**Exercise material**
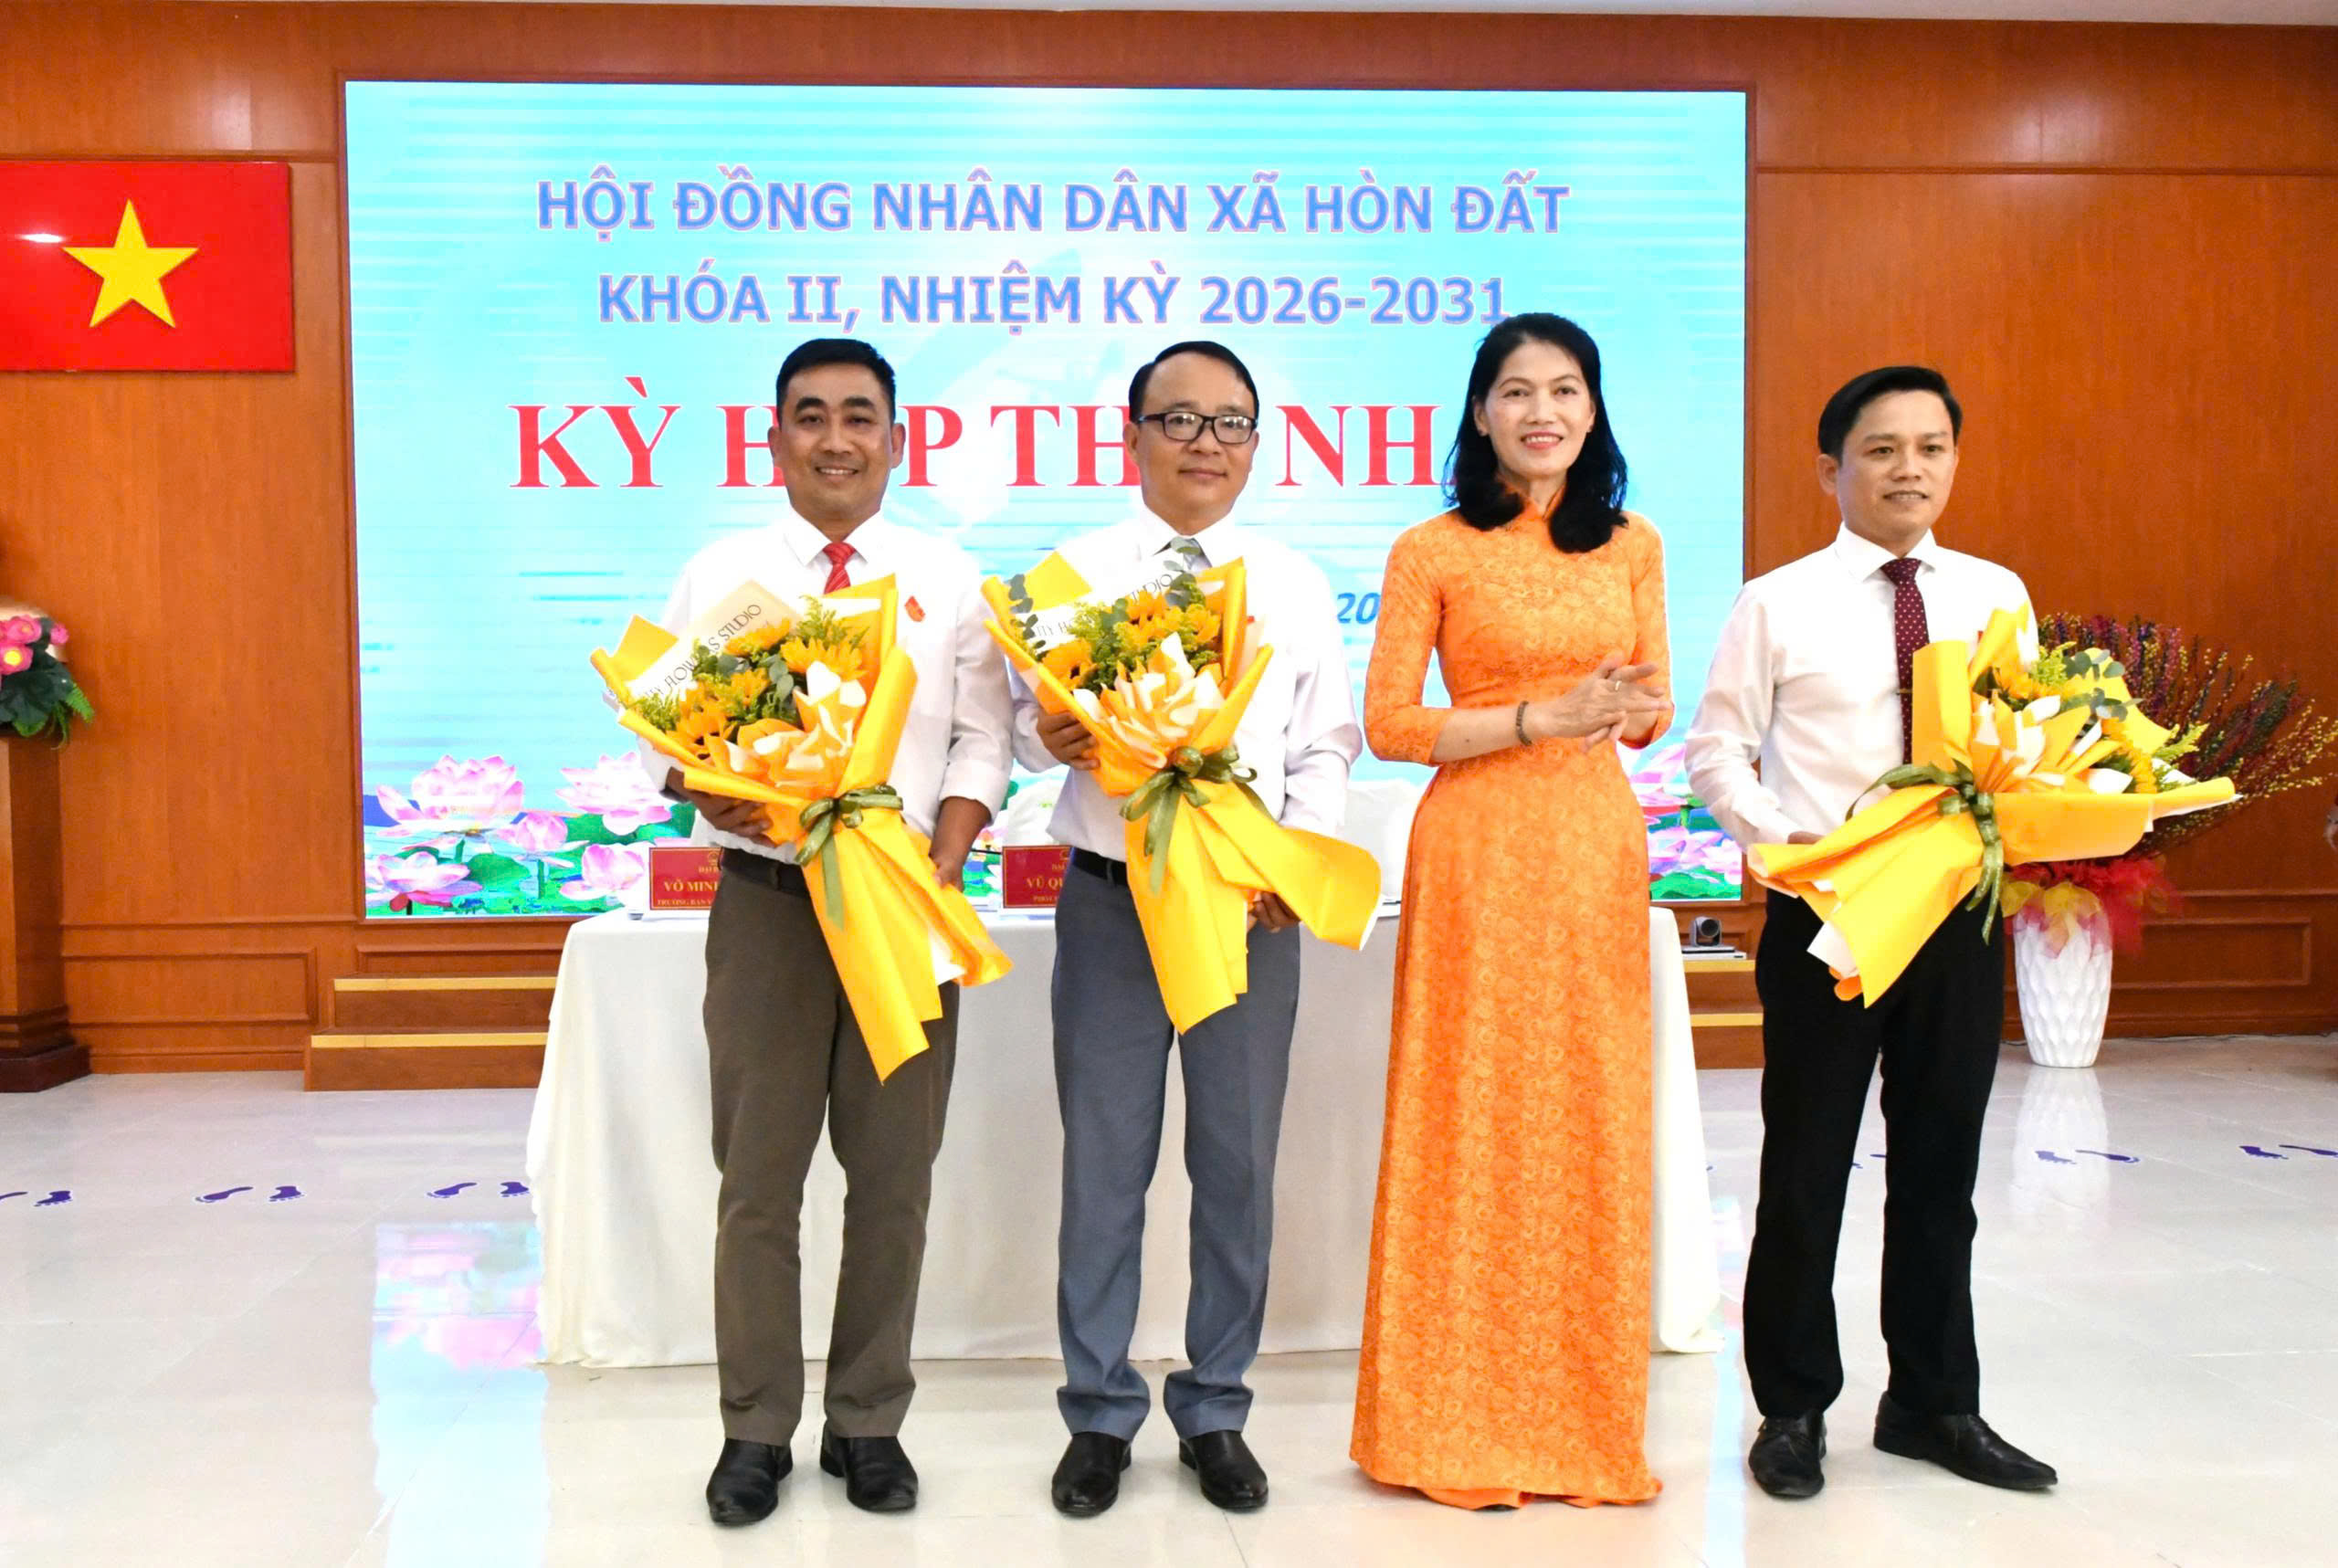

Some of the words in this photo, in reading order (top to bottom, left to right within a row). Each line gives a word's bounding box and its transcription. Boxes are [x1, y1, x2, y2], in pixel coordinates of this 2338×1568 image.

[538, 165, 655, 242] HỘI
[673, 165, 851, 232] ĐỒNG
[873, 168, 1043, 232] NHÂN
[1065, 168, 1187, 233] DÂN
[1206, 171, 1287, 233] XÃ
[1306, 169, 1432, 234] HÒN
[1450, 170, 1570, 234] ĐẤT
[599, 258, 771, 323] KHÓA
[787, 276, 860, 332] II,
[881, 259, 1081, 336] NHIỆM
[1103, 260, 1181, 325] KỲ
[1200, 276, 1511, 325] 2026-2031
[509, 376, 681, 488] KỲ
[716, 405, 963, 488] HP
[991, 405, 1142, 488] TH
[1275, 405, 1456, 488] NH
[718, 604, 762, 641] STUDIO
[1336, 592, 1383, 625] 20
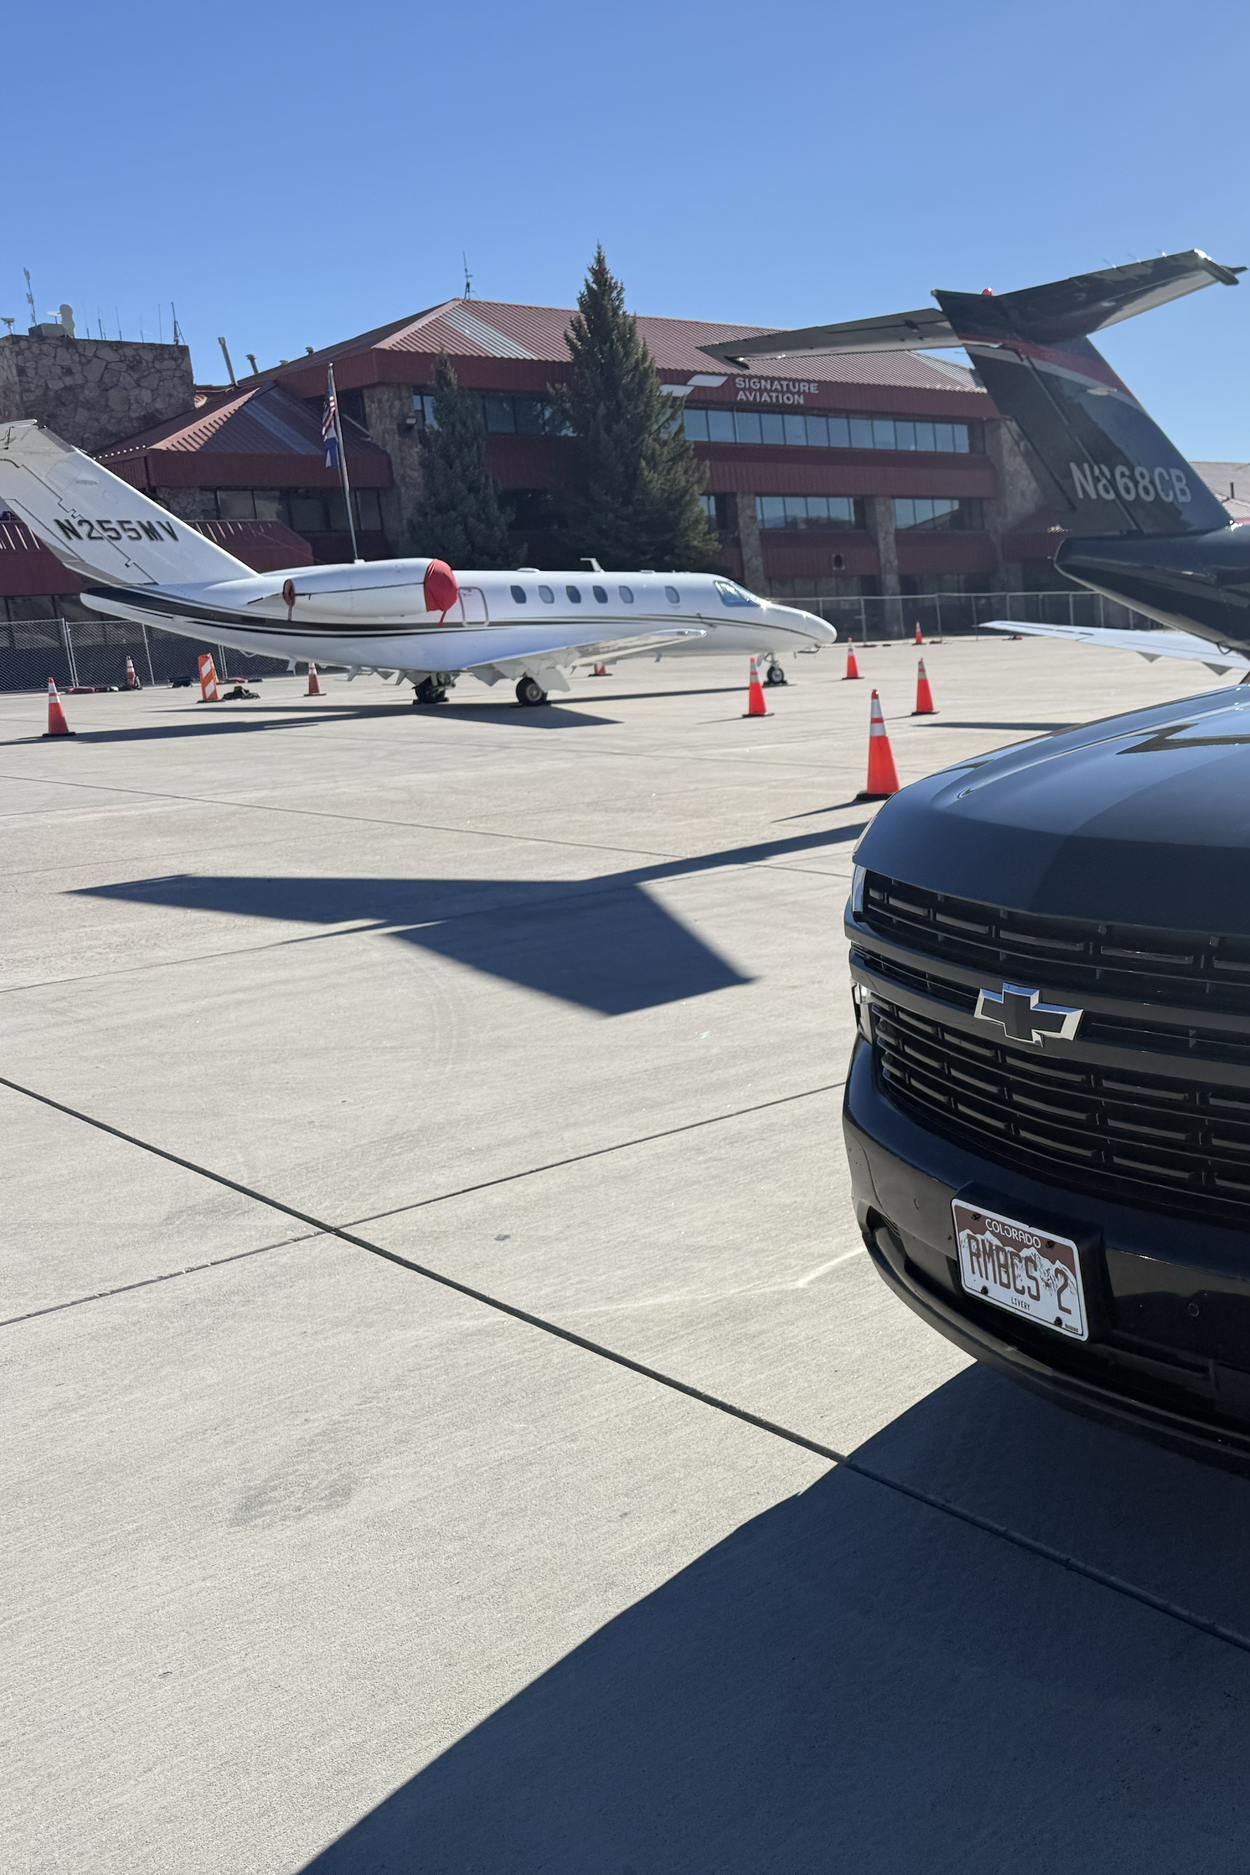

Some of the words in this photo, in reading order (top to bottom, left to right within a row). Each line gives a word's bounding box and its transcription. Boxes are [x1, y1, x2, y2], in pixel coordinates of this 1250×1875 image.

[735, 377, 819, 393] SIGNATURE
[737, 390, 804, 404] AVIATION
[1069, 462, 1191, 502] N868CB
[53, 519, 179, 541] N255MV
[985, 1218, 1041, 1249] COLORADO
[1010, 1296, 1030, 1311] LIVERY

**Your task**
Above are the records; repeat them exactly, omitting every picture.

**Solution below**
Some of the words in this photo, in reading order (top to bottom, left to right within a row). Each line gives a word's bounding box and its transcription. Boxes are [x1, y1, x2, y2], in pixel coordinates of this 2338×1568 image.

[538, 165, 655, 242] HỘI
[673, 165, 851, 232] ĐỒNG
[873, 168, 1043, 232] NHÂN
[1065, 168, 1187, 233] DÂN
[1206, 171, 1287, 233] XÃ
[1306, 169, 1432, 234] HÒN
[1450, 170, 1570, 234] ĐẤT
[599, 258, 771, 323] KHÓA
[787, 276, 860, 332] II,
[881, 259, 1081, 336] NHIỆM
[1103, 260, 1181, 325] KỲ
[1200, 276, 1511, 325] 2026-2031
[509, 376, 681, 488] KỲ
[716, 405, 963, 488] HP
[991, 405, 1142, 488] TH
[1275, 405, 1456, 488] NH
[718, 604, 762, 641] STUDIO
[1336, 592, 1383, 625] 20

Some of the words in this photo, in reading order (top to bottom, left to right within a row). Each line gives a word's bounding box and its transcription. Boxes are [x1, y1, x2, y2], in pixel coordinates of this 1250×1875 image.

[735, 377, 819, 393] SIGNATURE
[737, 390, 804, 404] AVIATION
[1069, 462, 1191, 502] N868CB
[53, 519, 179, 541] N255MV
[985, 1218, 1041, 1249] COLORADO
[1010, 1296, 1030, 1311] LIVERY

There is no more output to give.